I am not familiar with close captioning so I won't be of much help.

I think the GSpot program that jsmeeker suggested will let you see what codecs you need. The program is installed by the mega codec pack I linked to. The link also shows you what all is installed by it.

There are also non-"mega" packs available at that site if you don't need all the capabilities.

http://www.free-codecs.com/download/K_Lite_Codec_Pack.htm

I haven't messed with any of the tools that pack installs. I just installed it on someone's recommendation (I think on TCF) and haven't had any problem playing anything since. It was a simple way to play almost any AV file.


----------



## DevdogAZ (Apr 16, 2003)

bicker said:


> Everything? My experience is that with a lot of this stuff I don't get Closed Captions. It often is different on different computers.... I'm thinking maybe it has to do with which codecs are being used. Is there a way to see which are being used in each computer, and make changes so that the "right" one is being used?

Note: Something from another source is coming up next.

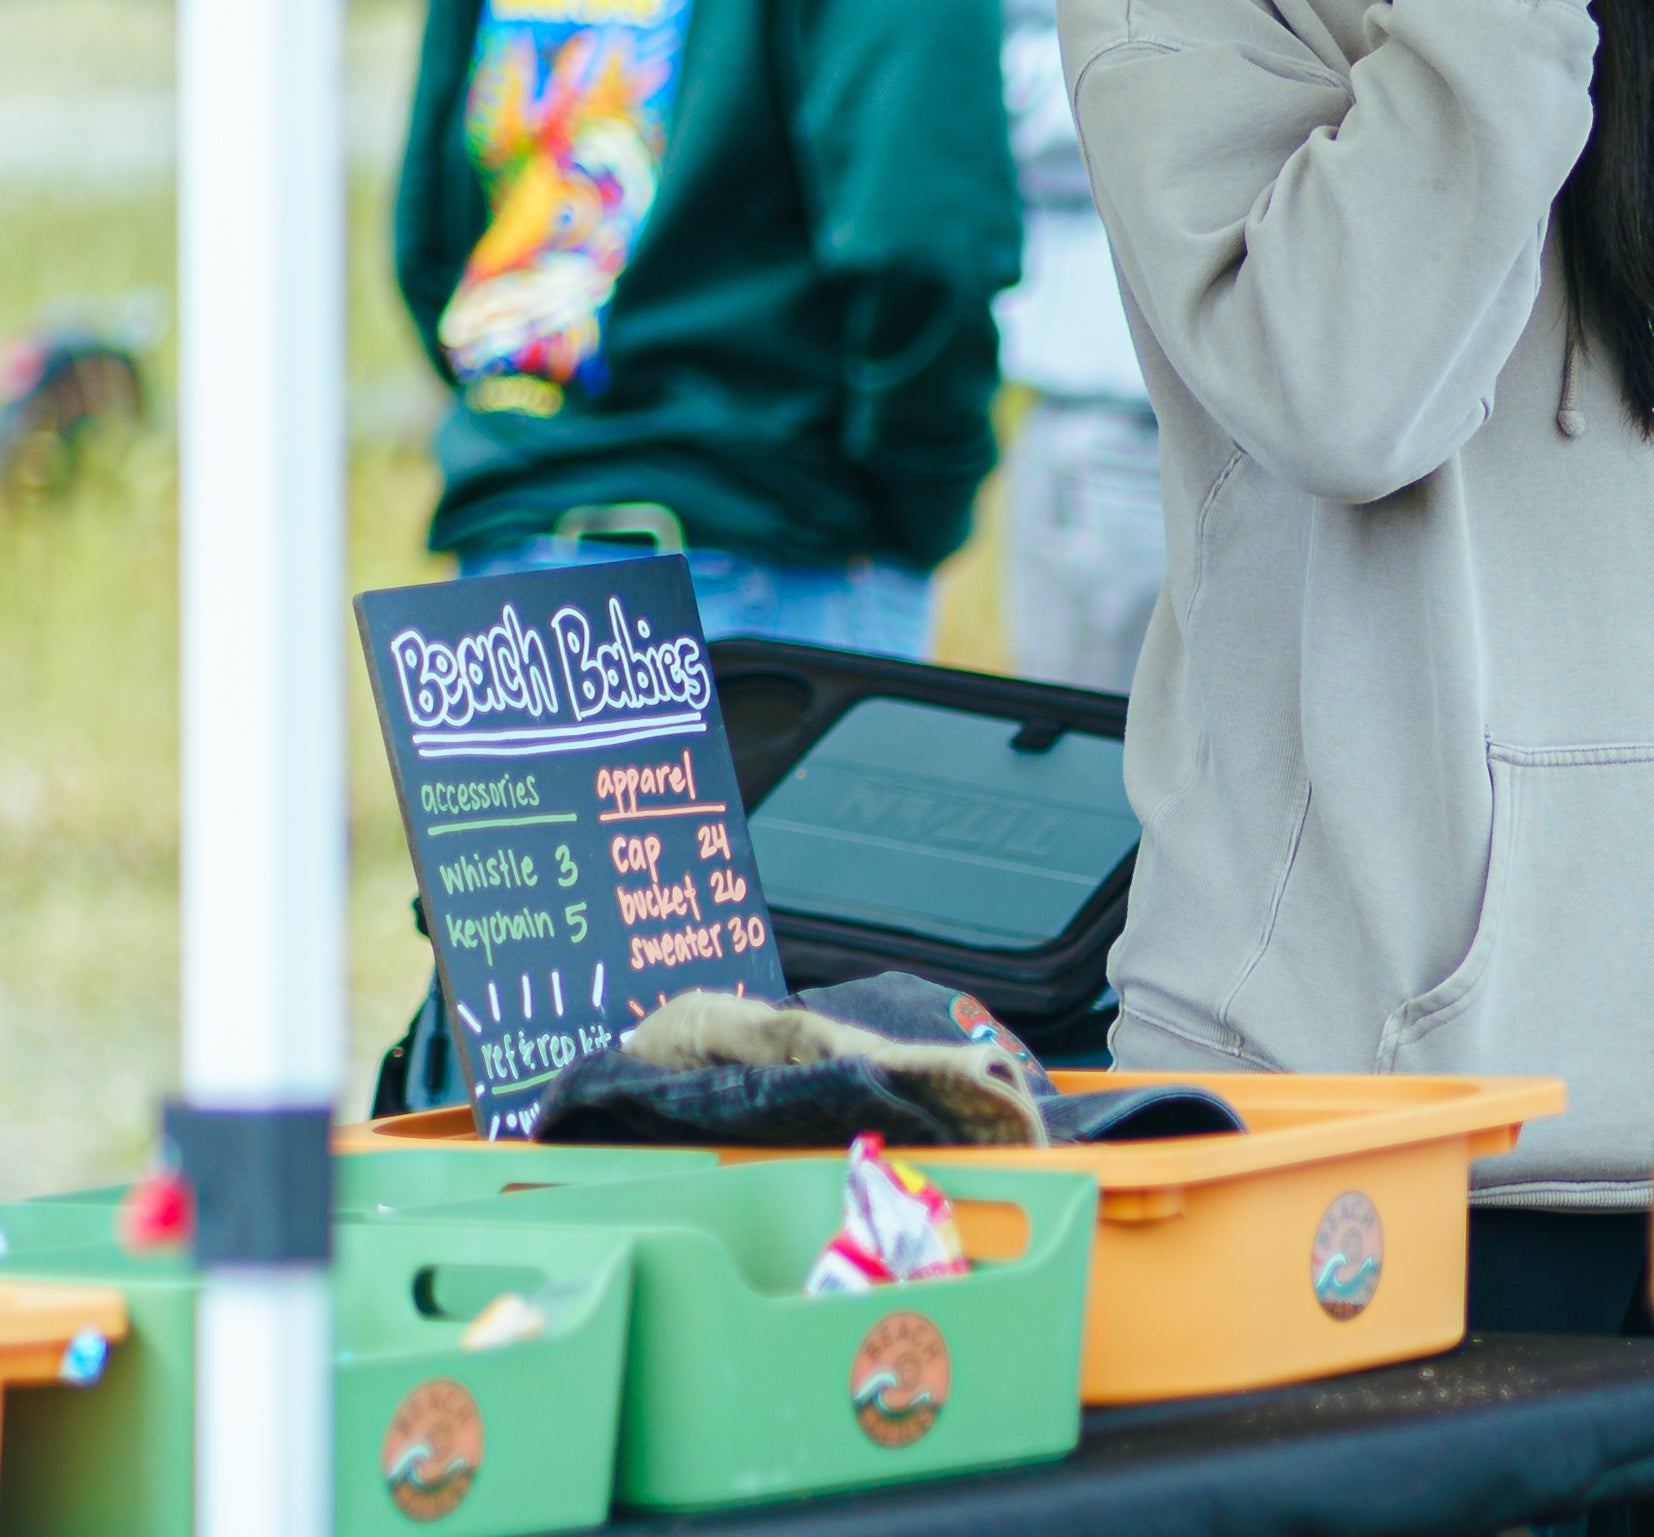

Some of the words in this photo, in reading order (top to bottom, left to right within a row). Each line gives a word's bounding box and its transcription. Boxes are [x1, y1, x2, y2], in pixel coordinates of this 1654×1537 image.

I wasn't aware that the CC data was encoded in the bit torrent files. I assumed that it wasn't because it's never worked when I've transferred shows to my TiVo for viewing there, but I suppose it's possible that the CC data is there and that that if you watch it on your computer and have the right program to decode and display them, it could work.


----------



## YCantAngieRead (Nov 5, 2003)

So, can someone now explain peerguardian to me? I've downloaded it, I am just not sure what to do now.


----------



## David Platt (Dec 13, 2001)

markz said:


> What would one look for in a modded XBOX to watch downloaded shows on TV? I have never owned any game system (since the Atari 2600).


The main mod that you would want is called Xbox Media Center-- it's basically an OS that replaces the standard Microsoft one. With it, you can access any media files from your computer. It's played any file type I've tried to throw at it-- I even have a couple of live concerts downloaded as a single long MP3 with a cue sheet in the same folder to split it up into individual songs, and the Xbox properly split it up on its own and played the individual songs.


----------



## montag (Mar 10, 2001)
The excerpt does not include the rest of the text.